Todas las especies de mamíferos tienen un grupo de genes estrechamente ligados y muy polimórficos, que fue descubierto por su implicación en el rechazo o aceptación de transplantes o injertos de tejidos u órganos. Se denominan el complejo mayor de histocompatibilidad (MHC, del inglés Major Histocompatibility Complex) a una región del genoma que codifica para los Ags de histocompatibilidad (HLA).

Las moléculas codificadas por el MHC intervienen de un modo central en el desarrollo de las respuestas inmunes específicas, tanto la humoral como la celular.

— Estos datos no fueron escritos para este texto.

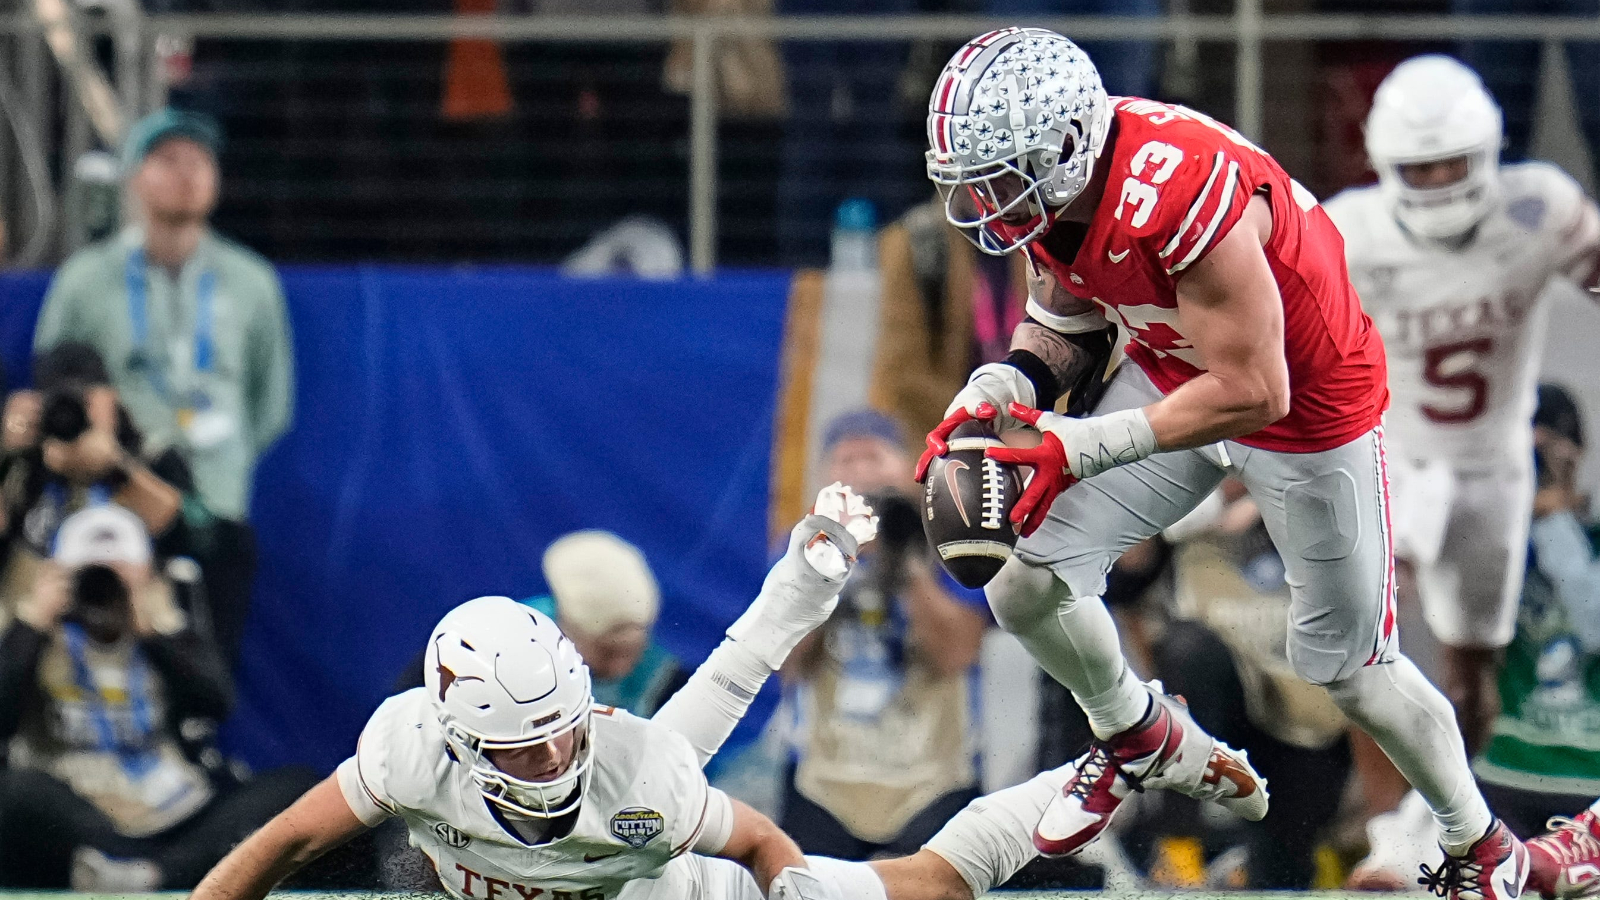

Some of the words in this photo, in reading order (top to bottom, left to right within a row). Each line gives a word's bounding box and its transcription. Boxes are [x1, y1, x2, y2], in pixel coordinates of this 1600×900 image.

[1114, 140, 1184, 229] 33
[1418, 337, 1493, 426] 5
[437, 823, 468, 847] SEC
[614, 819, 660, 834] COTTON
[456, 863, 605, 900] TEX

Las moléculas del MHC juegan un papel esencial en:

– El reconocimiento del antígeno por parte de los linfocitos T (tanto los coadyuvantes, TH, como los citotóxicos, Tc).

– Los genes del MHC de cada individuo (determinado por el conjunto de alelos de los genes MHC que posee) influyen sobre el repertorio de epitopos que pueden reconocer sus linfocitos TCc y TH. Por ello, la capacidad de respuesta frente a los patógenos (es decir, la mayor o menor susceptibilidad a la enfermedad infecciosa) y los fenómenos de autoinmunidad dependen parcialmente de esa dotación concreta de alelos del complejo MHC.

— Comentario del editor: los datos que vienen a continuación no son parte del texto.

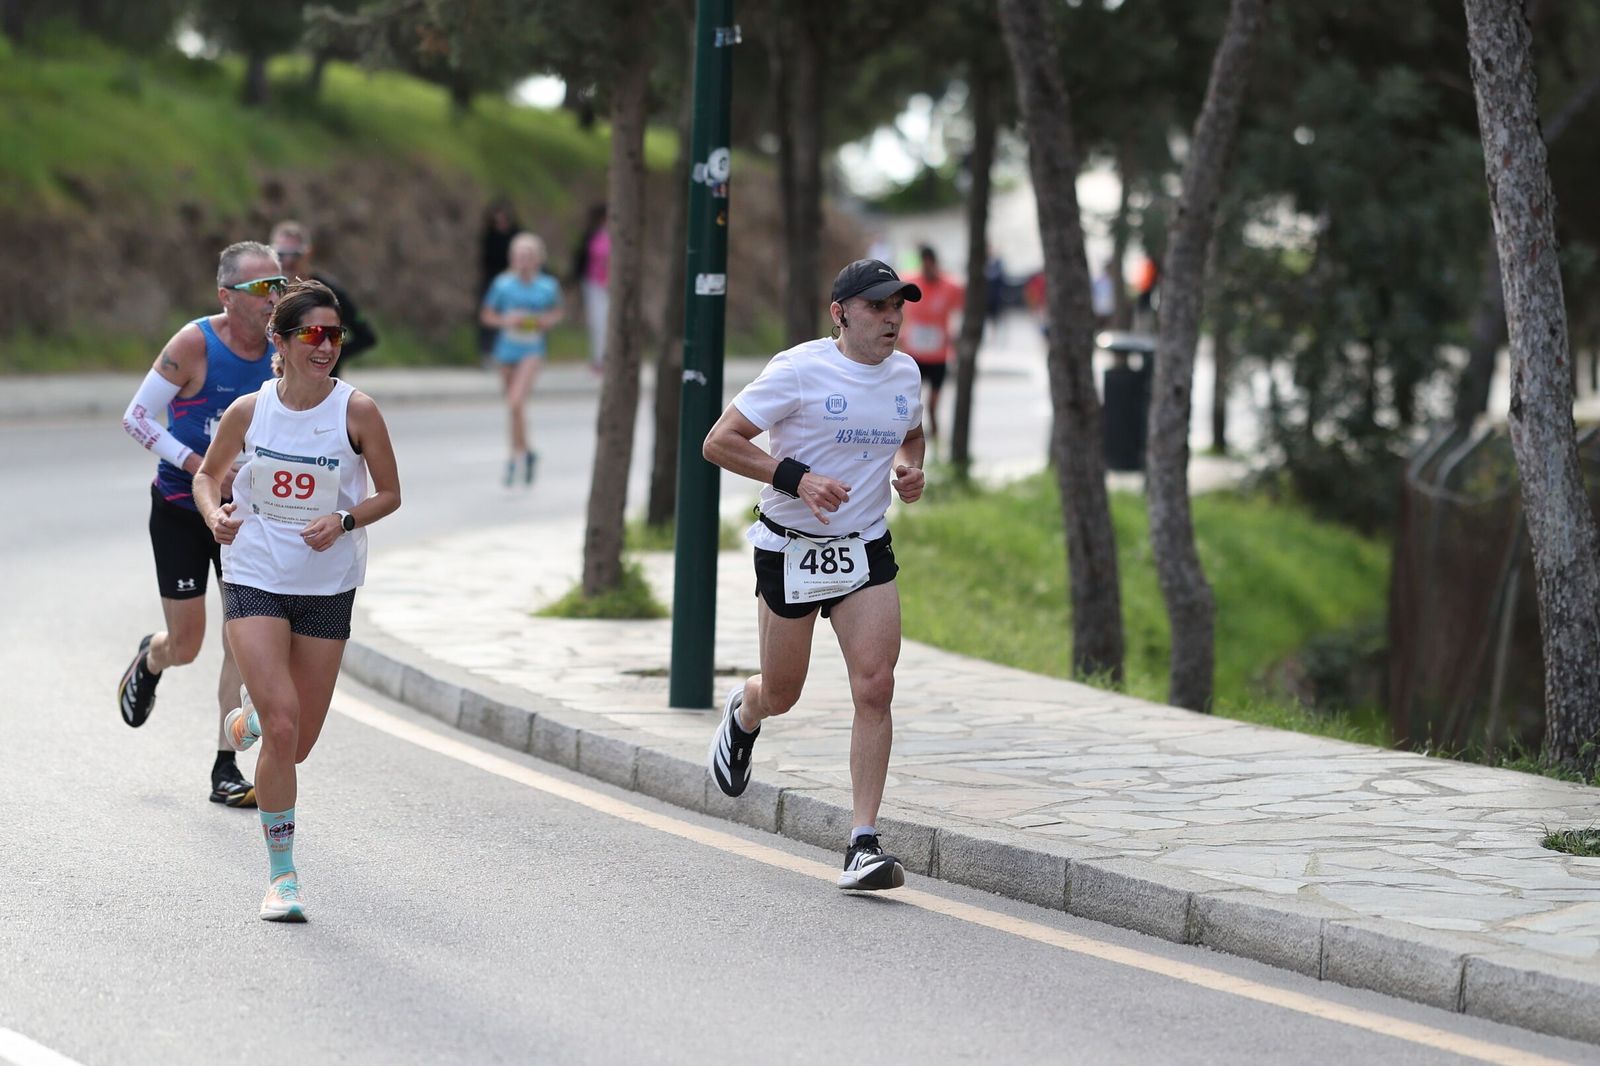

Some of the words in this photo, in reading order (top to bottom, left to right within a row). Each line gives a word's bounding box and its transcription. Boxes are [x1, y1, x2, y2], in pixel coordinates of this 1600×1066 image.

[831, 398, 842, 408] FIAT
[835, 429, 853, 443] 43
[854, 428, 869, 436] Mini
[852, 436, 870, 444] Peña
[871, 436, 878, 444] El
[271, 470, 316, 500] 89
[799, 546, 855, 575] 485
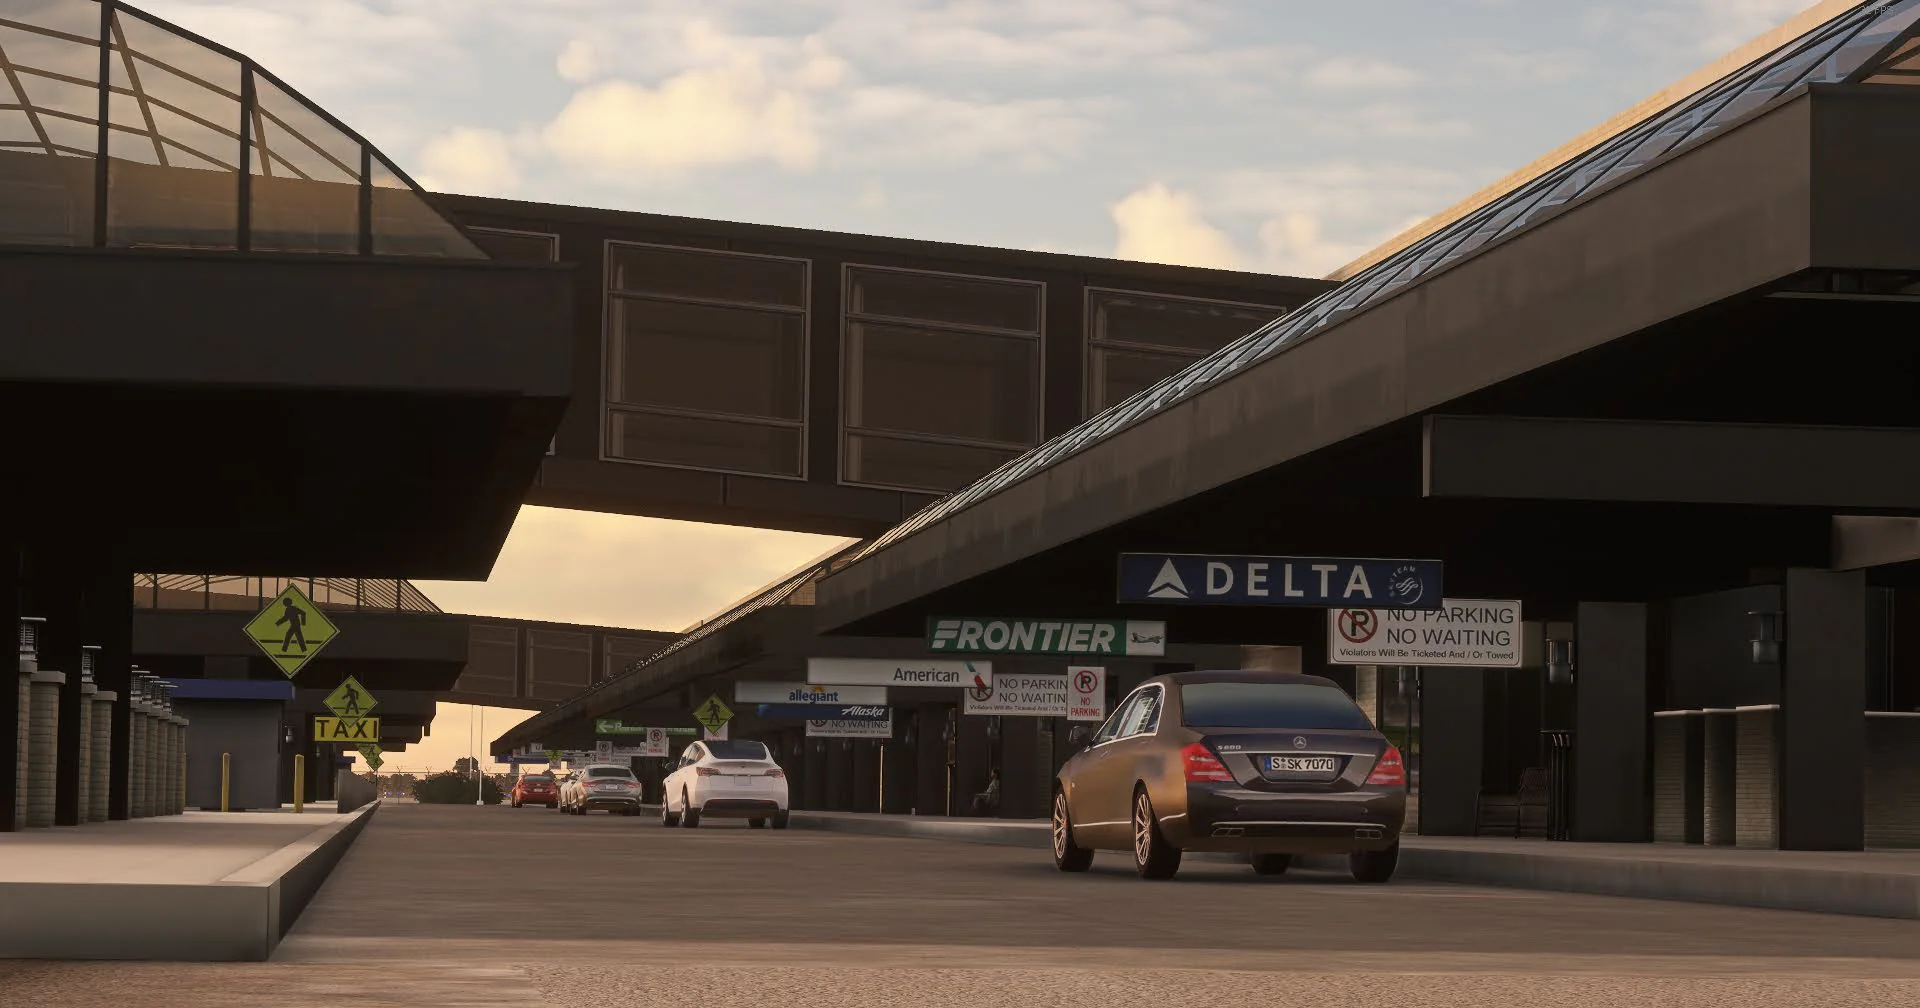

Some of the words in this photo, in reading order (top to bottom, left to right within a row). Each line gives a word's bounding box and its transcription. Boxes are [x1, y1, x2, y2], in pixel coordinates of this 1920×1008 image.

[1206, 563, 1373, 599] DELTA
[1387, 609, 1417, 622] NO
[1424, 607, 1514, 624] PARKING
[932, 620, 1116, 652] FRONTIER
[1387, 628, 1417, 645] NO
[1422, 628, 1511, 646] WAITING
[1339, 648, 1377, 657] Violators
[1378, 648, 1396, 657] Will
[1411, 649, 1447, 658] Ticketed
[1448, 651, 1465, 659] And
[1472, 651, 1484, 659] Or
[1486, 651, 1514, 660] Towed
[893, 668, 960, 683] American
[999, 678, 1018, 689] NO
[1022, 679, 1067, 690] PARKIN
[789, 689, 839, 704] allegiant
[999, 692, 1018, 703] NO
[1021, 693, 1067, 704] WAITIN
[1080, 697, 1090, 706] NO
[841, 706, 885, 717] Alaska
[1070, 707, 1100, 717] PARKING
[316, 720, 377, 738] TAXI
[831, 720, 846, 728] NO
[848, 720, 888, 729] WAITING
[1305, 759, 1333, 770] 7070

1. LOCALIZACIÓN Y FUNCIÓN DE LAS REGIONES MHC.

El MHC es un conjunto de genes alineados en una región grande y continua del genoma que se localiza en:

– En el ratón, en el cromosoma 17, y recibe el nombre de región H-2;

– En la especie humana se sitúa en el cromosoma 6, y se conoce como región HLA.

El complejo MHC es bastante grande: ocupa unos 2- 3 cm, es decir, unos 4 millones de pares de bases (un 0.8% del genoma). La región HLA-I cubre unos 2.000 kb, mientras que la HLA-II supone unos 900 kb.

Clase MHC MHC-II MHC-II MHC-II MHC-III MHC-I MHC-I MHC-I
Región DP DQ DR C4, C2, BF, etc. B C A
Productos génicos DP (ab) DQ (ab) DR (ab) proteínas del complemento, TNFa , TNFb HLA-B HLA-C HLA-A
Ubicación hacia centrómero hacia centrómero hacia centrómero brazo corto cromosoma 6 hacia telómero hacia telómero hacia telómero

Dentro de esta región se hallan codificados cuatro grandes grupos de moléculas:

1.1. GENES DEL MHC-I (se expresan en todas las células nucleadas).

Los genes que contiene son HLA A, B y C que participan en el reconocimiento inmunológico, y los HLA-E, F, G, H y J. El HLA A y B humano equivalen al K y D del ratón. Ocupa una región de 1500 Kb. Los genes del MHC I contienen siete exones interrumpidos por intrones. El HLA A y B está involucrado en la exposición de Ags víricos a los LT CD8+ y en la reacción contra injertos extraños.

1.1.1. GENES DEL MHC-II (se expresan en células que pueden presentar Ags a las LT CD4+).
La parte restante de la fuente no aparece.